TASK INPUT:

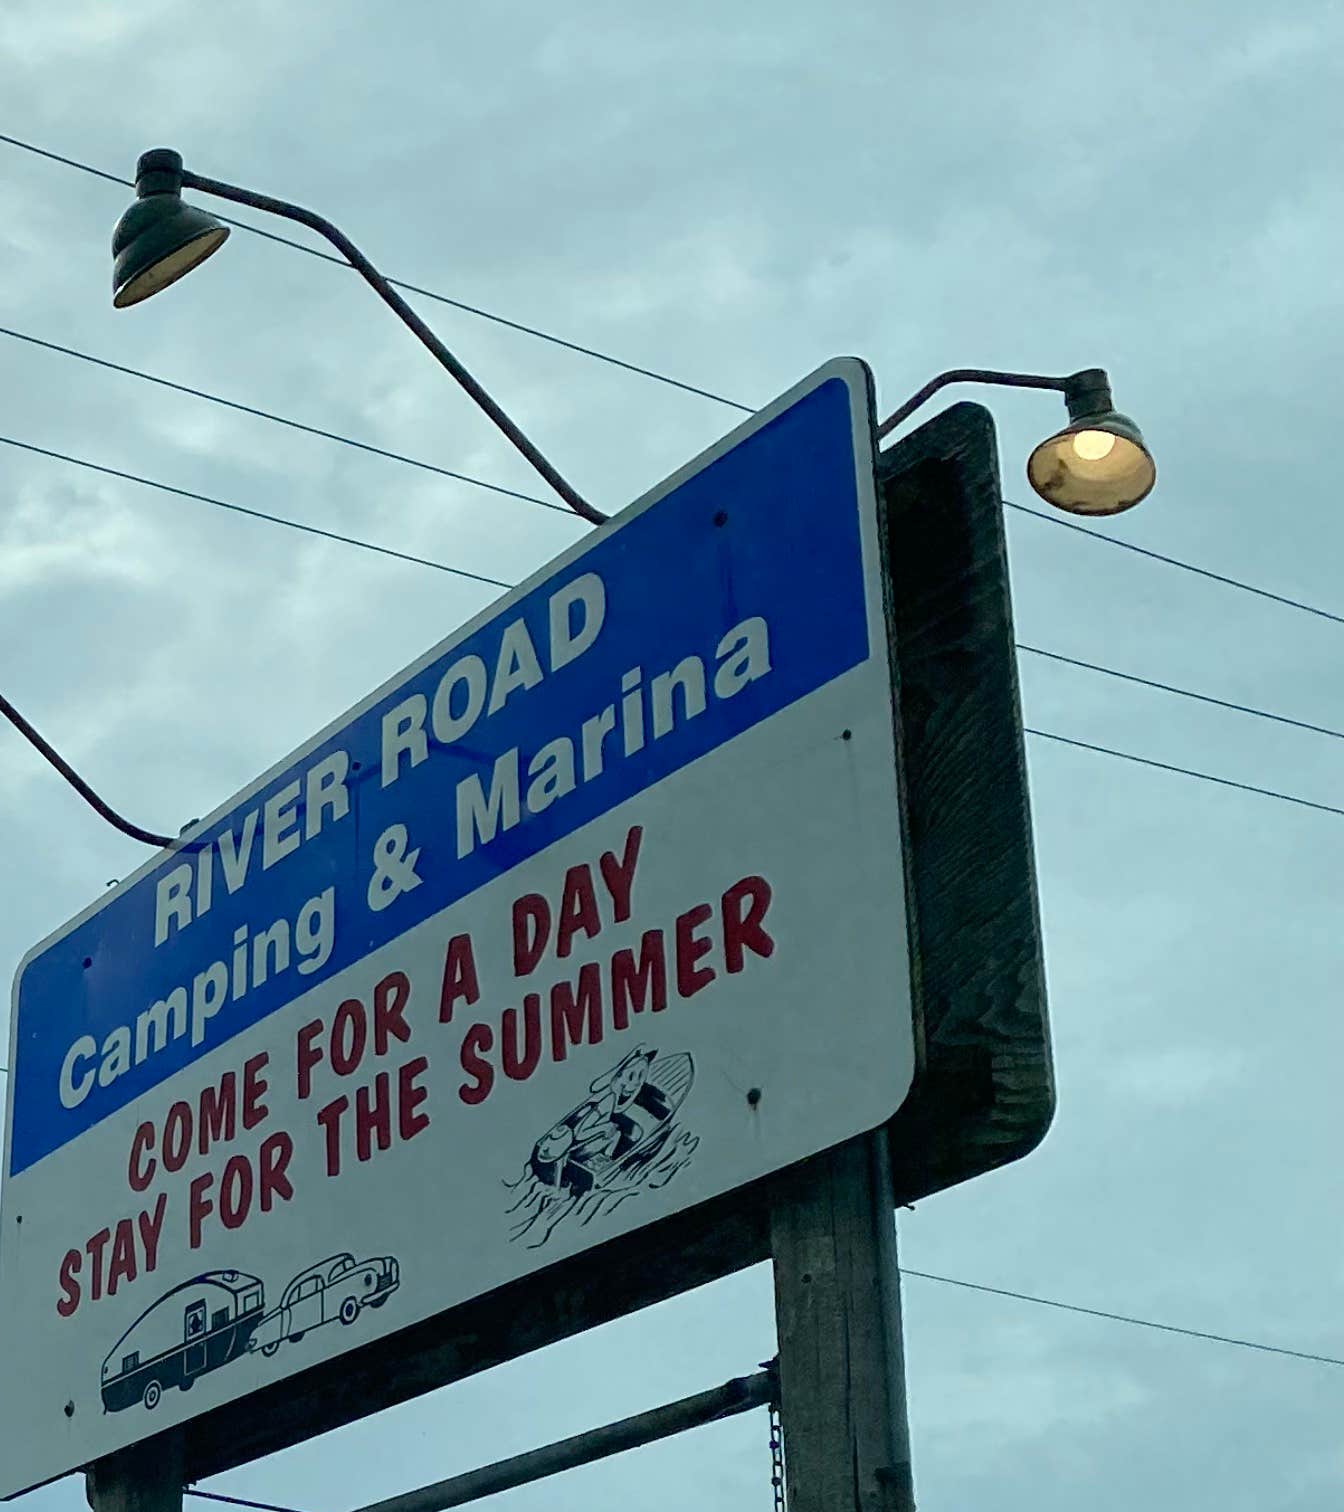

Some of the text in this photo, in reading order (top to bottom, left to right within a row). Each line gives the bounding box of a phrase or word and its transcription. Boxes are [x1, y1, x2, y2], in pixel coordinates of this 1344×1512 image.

[59, 617, 772, 1109] Camping & Marina
[154, 572, 606, 947] RIVER ROAD
[57, 876, 775, 1317] STAY FOR THE SUMMER
[128, 825, 643, 1192] COME FOR A DAY

ACTIVITY: All of the material above goes into the copy exactly as is; the pictures do not.

REPLY:
Some of the text in this photo, in reading order (top to bottom, left to right within a row). Each line gives the bounding box of a phrase or word and its transcription. Boxes are [x1, y1, x2, y2], in pixel coordinates of this 1344×1512 image.

[59, 617, 772, 1109] Camping & Marina
[154, 572, 606, 947] RIVER ROAD
[57, 876, 775, 1317] STAY FOR THE SUMMER
[128, 825, 643, 1192] COME FOR A DAY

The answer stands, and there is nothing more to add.